Wow, we're making some good progress covering ECMAScript 6 features in this Learning ES6 series. We just covered parameter handling, and have learned about destructuring, let
& const
, as well as arrow functions. Now we zero in on the enhancements to object literals, another piece of ES6 syntactic sugar.
TL;DR
ECMAScript 6 makes declaring object literals even more succinct by providing shorthand syntax for initializing properties from variables and defining function methods. It also enables the ability to have computed property keys in an object literal definition.
function getCar(make, model, value) {
return {
// with property value shorthand
// syntax, you can omit the property
// value if key matches variable
// name
make, // same as make: make
model, // same as model: model
value, // same as value: value
// computed values now work with
// object literals
['make' + make]: true,
// Method definition shorthand syntax
// omits `function` keyword & colon
depreciate() {
this.value -= 2500
},
}
}
let car = getCar('Kia', 'Sorento', 40000)
// output: {
// make: 'Kia',
// model:'Sorento',
// value: 40000,
// makeKia: true,
// depreciate: function()
// }
console.log(car)
car.depreciate()
// output: 37500
console.log(car.value)
The enhanced object literals code examples page has many more examples showing off each feature in more detail. There are also some ES6 katas for testing your ES6 enhanced object literal knowledge.

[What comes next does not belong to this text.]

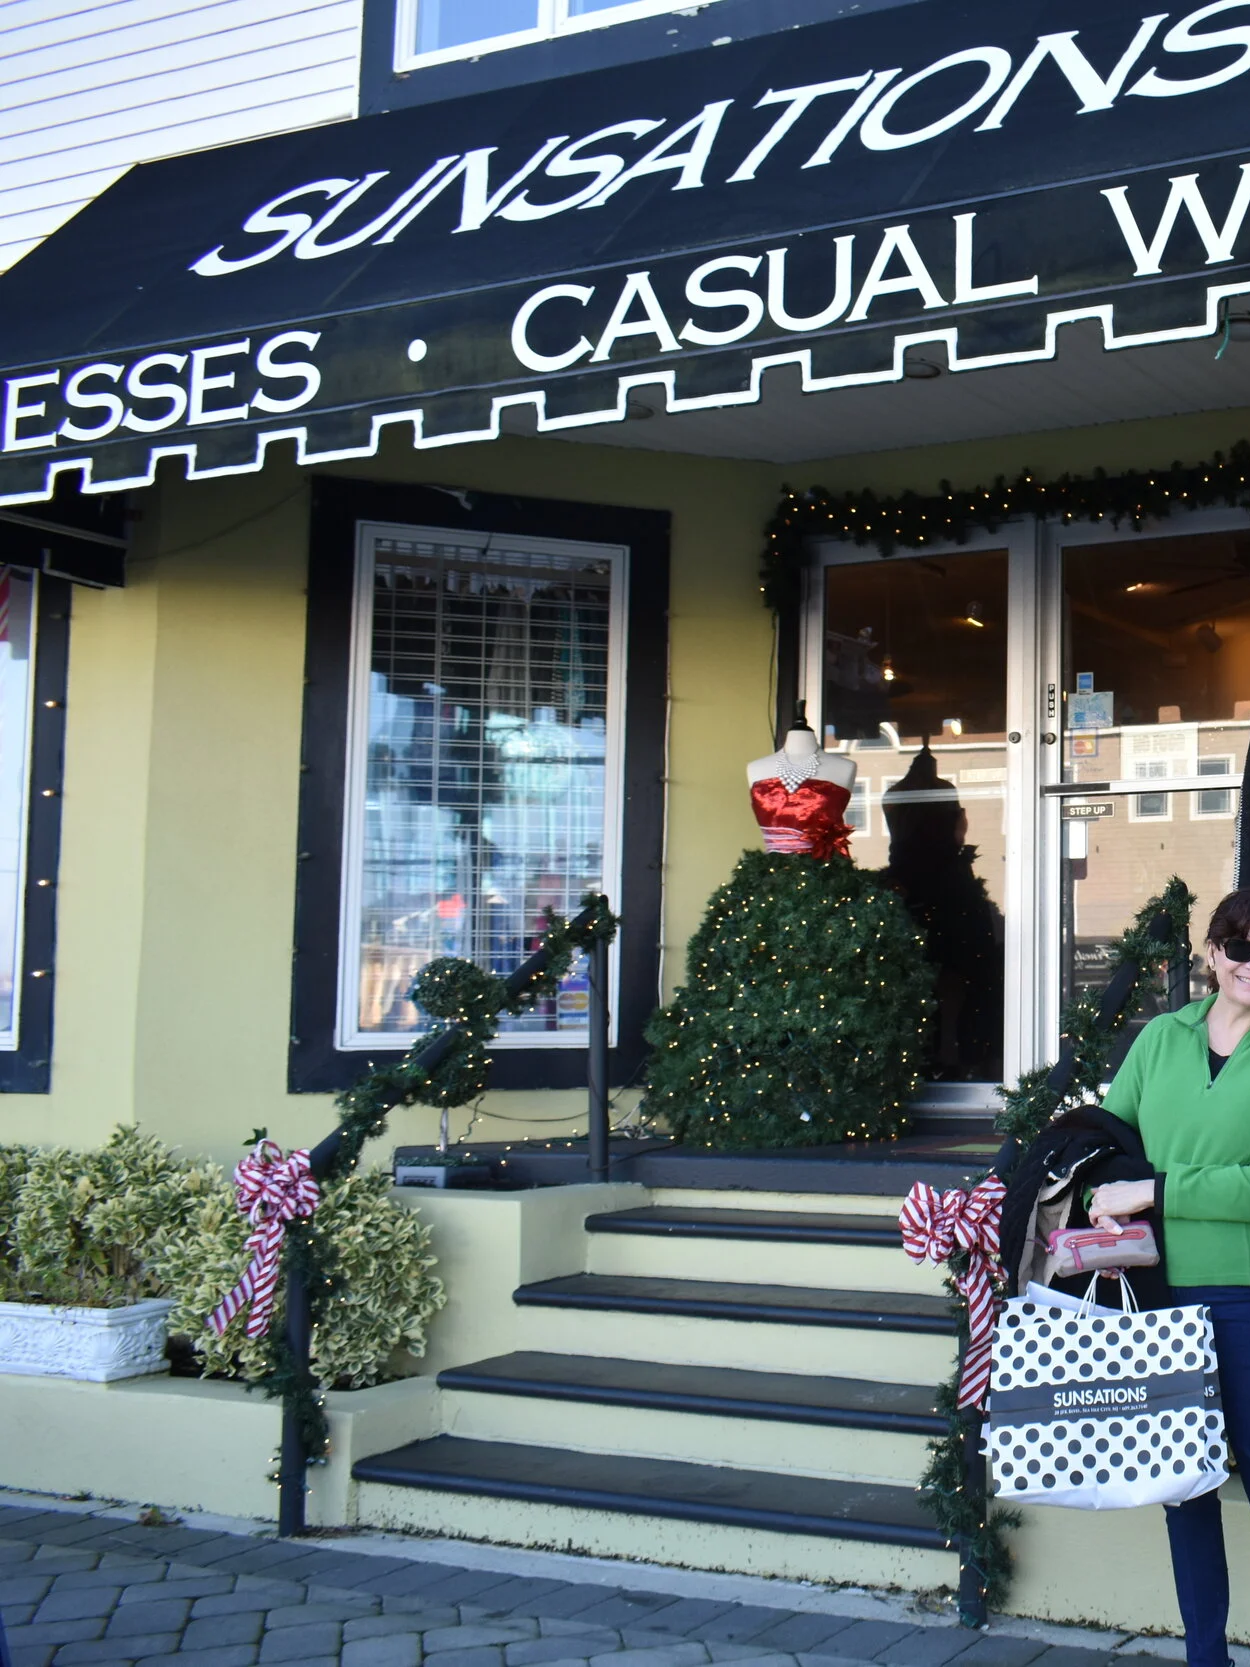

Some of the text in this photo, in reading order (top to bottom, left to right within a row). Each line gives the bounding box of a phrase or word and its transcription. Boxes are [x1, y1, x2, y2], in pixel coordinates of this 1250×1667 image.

[2, 331, 322, 453] ESSES
[511, 212, 1039, 372] CASUAL
[1069, 805, 1106, 816] STEP UP
[1053, 1386, 1147, 1407] SUNSATIONS

Continue on for more details!
Introduction
The object literal may very well be one of the best and most popular features in JavaScript. It's a superset of JSON, which has now become the de facto standard for data transport on the web, quickly replacing XML. The great thing about object literals is that they make it crazy easy to assemble an arbitrarily nested and dynamic set of data object with a definition syntax that is human-readable because its so succinct.
We actually touched on object literals a little bit, while looking at object destructuring, but now we'll be delving into their enhanced features. ES6 introduces features to make the syntax even more succinct and increasingly more capable of constructing a complex data object in its initialization.
Property value shorthand
The new property value shorthand lets us abbreviate the initialization of a property within an object literal, provided that the property key matches an existing variable name. This was the first part of the ES6 code above:
function getCar(make, model, value) {
return {
// with property value shorthand
// syntax, you can omit the property
// value if key matches variable
// name
make,
model,
value,
}
}
The ES3/ES5 equivalent would be:
function getCar(make, model, value) {
return {
make: make,
model: model,
value: value,
}
}
As you can see, the ES6 syntax is a bit more succinct by being less repetitive with the removal of the colon (:) and the matching variable. Declaring an object literal with keys that match variables is actual quite common, so you should find this feature quite useful. You may also notice that this property value shorthand looks remarkably like the object literal destructure pattern shorthand when we discussed object destructuring.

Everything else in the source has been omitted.